For two years after its 2004 launch, Facebook didn’t change the look and use of its homepage much. To see what your friends were up to, you had to stalk their pages and monitor their activity. Today, the platform has learned to prioritize friends and family and push video content. The news feed—as we know it—came into being 10 years ago and has been through various iterations since. A decade after its launch, members of the original news feed team came together in a Facebook Live video to reminisce about the (not so) good old days.

They had launched the product in the dead of night, then convened the next day to discuss the reception.  ”We went home after many nights of all-nighters, hoping to come back the next day and be really invigorated,” said Ruchi Sanghvi, a former Facebook news feed team member, said in the video. “But then we wake up to crazy groups with hundreds of thousands of people talking about how they hate news feed.”
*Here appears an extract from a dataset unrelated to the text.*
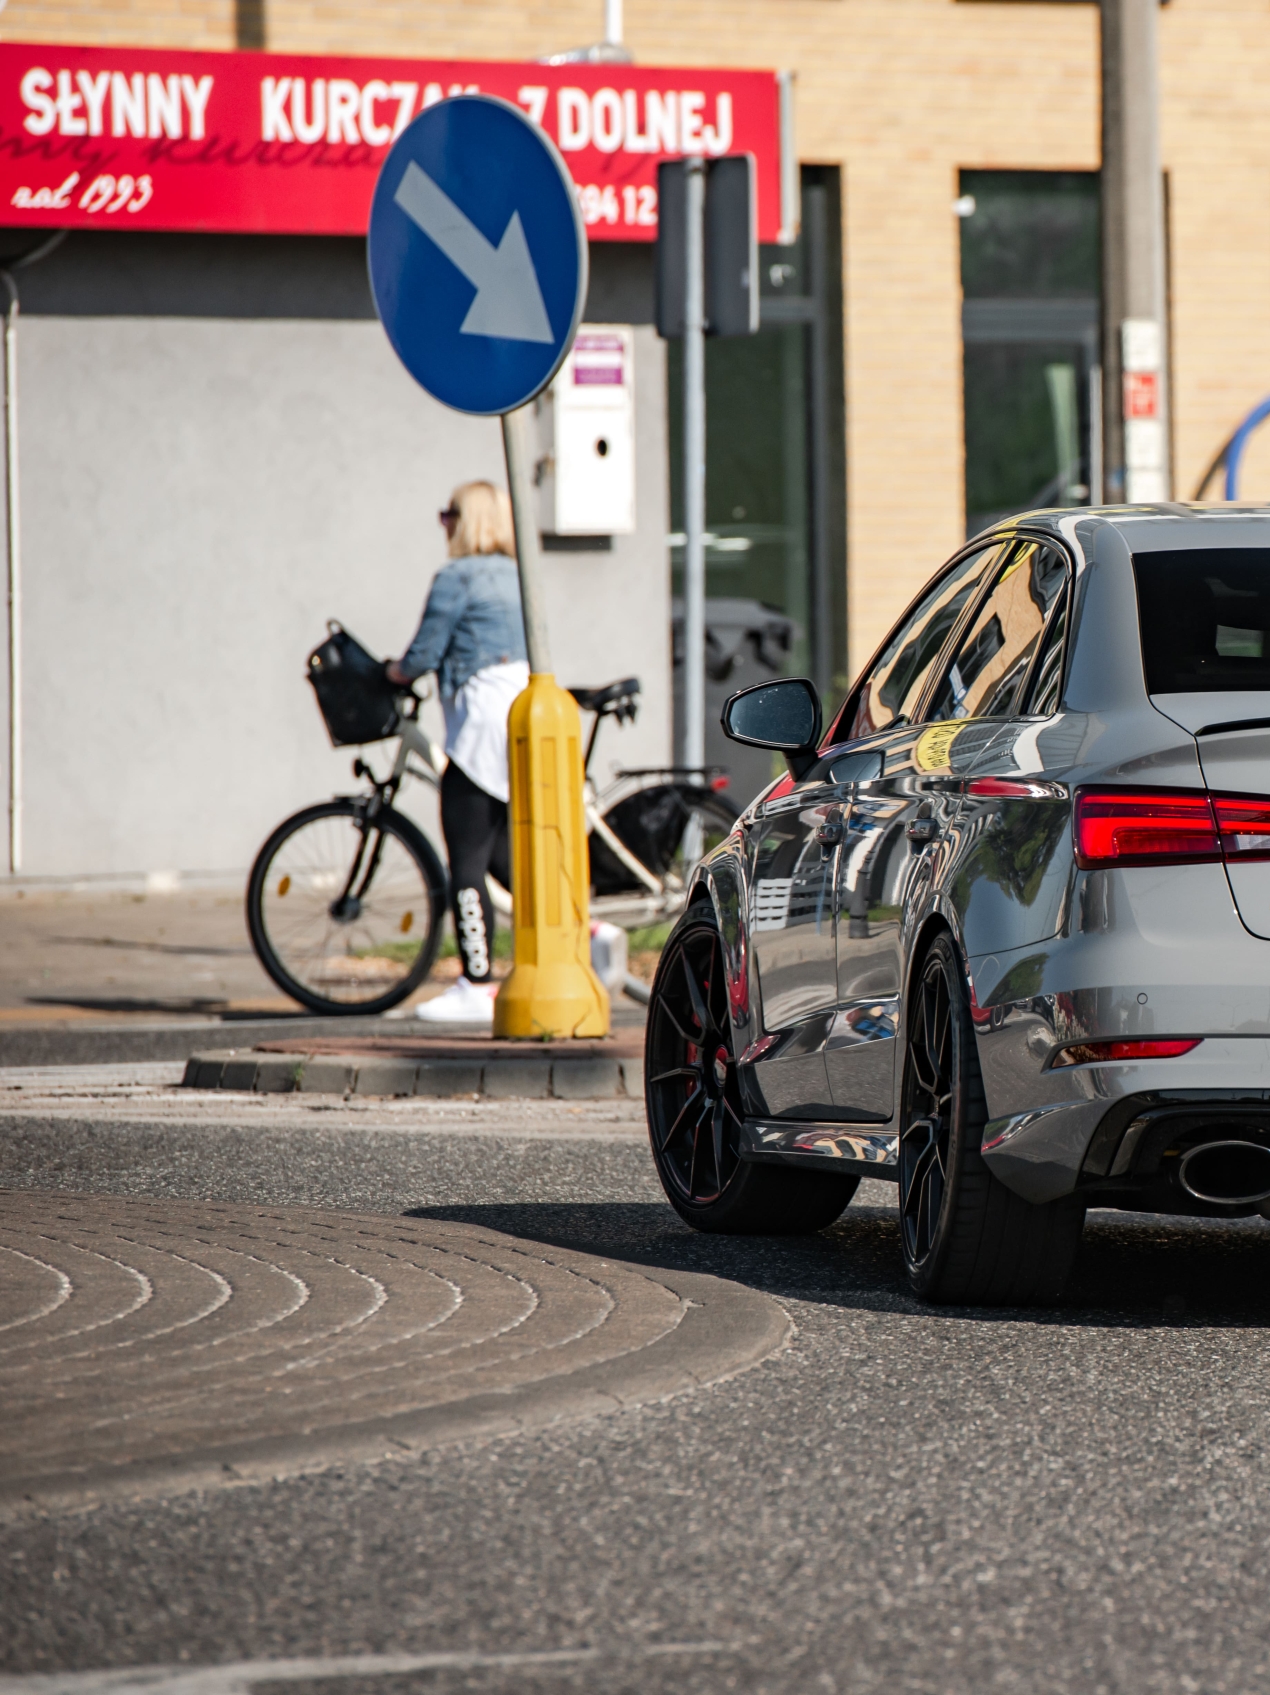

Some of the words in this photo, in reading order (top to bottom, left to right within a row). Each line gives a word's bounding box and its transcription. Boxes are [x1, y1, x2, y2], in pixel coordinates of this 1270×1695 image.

Newspaper reporters and students camped outside the social network’s office in Palo Alto, California, and the team had to sneak outside the back door if they needed to leave. Almost 10% of the user base was threatening to leave or boycott Facebook, Sanghvi said. Eventually, the number one group on the site became “I hate news feed.” The creators of news feed deliberated over whether to shut down the project, which had taken nine months to develop.

But overall engagement doubled. People were much more willing to share things about themselves and their posts gained traction because of the visibility news feed provided. Close behind the haters group were groups representing humanitarian causes. The Darfur crisis awareness group claimed the second spot and breast cancer awareness came in fourth, both with millions of people subscribing to them.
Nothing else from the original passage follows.